## Work instructions
I'd like the data beneath this line reproduced exactly, without any of its images.

*** Given data

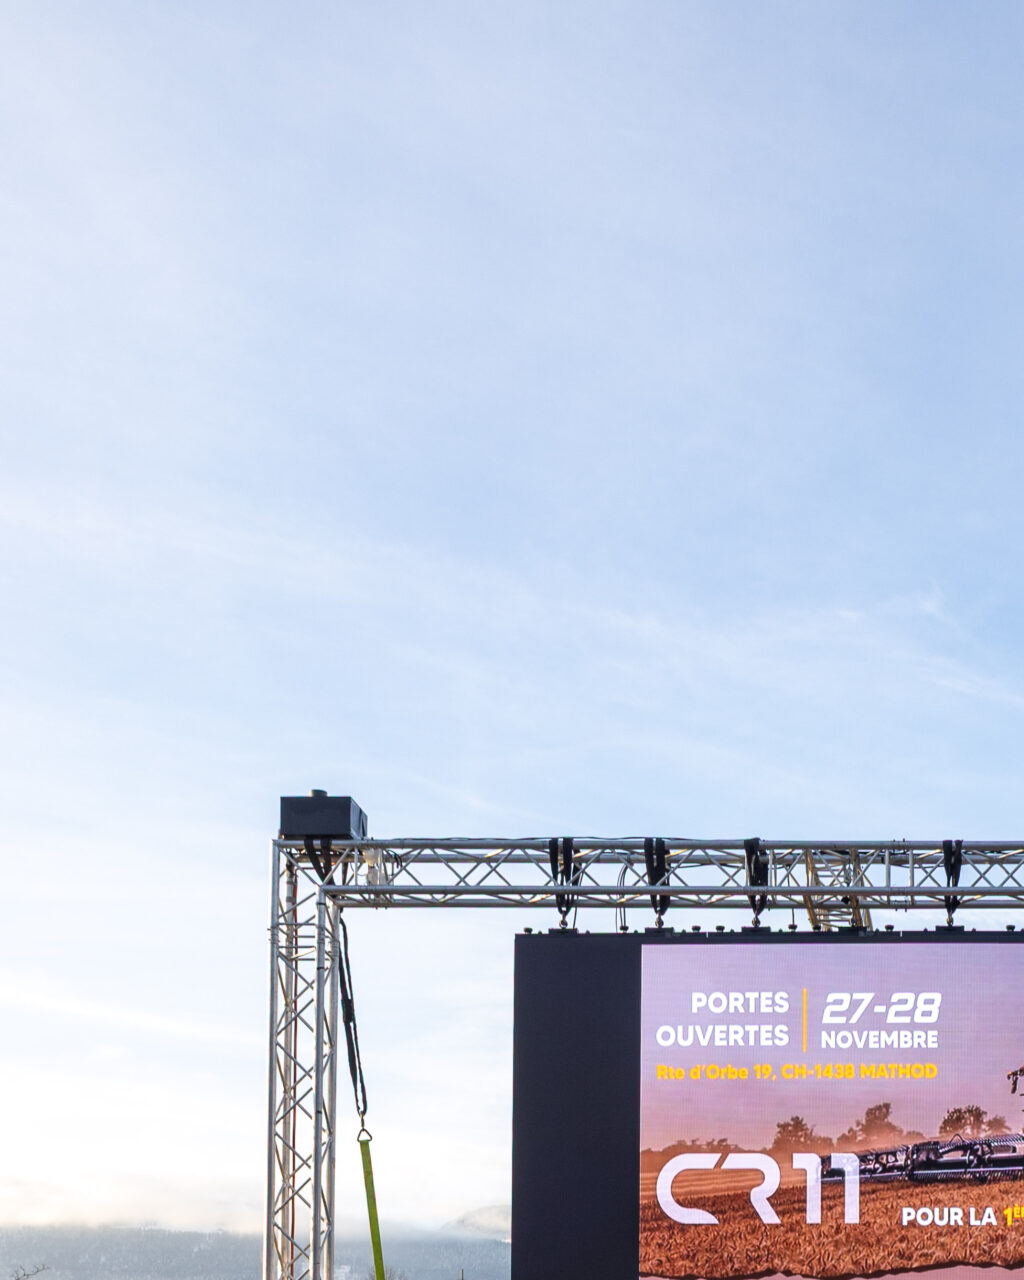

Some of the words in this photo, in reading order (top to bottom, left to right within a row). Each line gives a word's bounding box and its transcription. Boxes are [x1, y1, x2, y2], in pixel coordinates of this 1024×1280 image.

[692, 992, 789, 1013] PORTES
[822, 992, 942, 1024] 27-28
[656, 1025, 789, 1046] OUVERTES
[821, 1031, 938, 1049] NOVEMBRE
[656, 1064, 685, 1079] Rte
[689, 1064, 748, 1079] d'Orbe
[754, 1064, 776, 1080] 19,
[782, 1064, 855, 1079] CH-1438
[860, 1064, 938, 1079] MATHOD
[656, 1153, 860, 1225] CR11
[902, 1207, 963, 1226] POUR
[969, 1207, 997, 1226] LA

******

## Problem solution
Some of the words in this photo, in reading order (top to bottom, left to right within a row). Each line gives a word's bounding box and its transcription. Boxes are [x1, y1, x2, y2], in pixel coordinates of this 1024×1280 image.

[692, 992, 789, 1013] PORTES
[822, 992, 942, 1024] 27-28
[656, 1025, 789, 1046] OUVERTES
[821, 1031, 938, 1049] NOVEMBRE
[656, 1064, 685, 1079] Rte
[689, 1064, 748, 1079] d'Orbe
[754, 1064, 776, 1080] 19,
[782, 1064, 855, 1079] CH-1438
[860, 1064, 938, 1079] MATHOD
[656, 1153, 860, 1225] CR11
[902, 1207, 963, 1226] POUR
[969, 1207, 997, 1226] LA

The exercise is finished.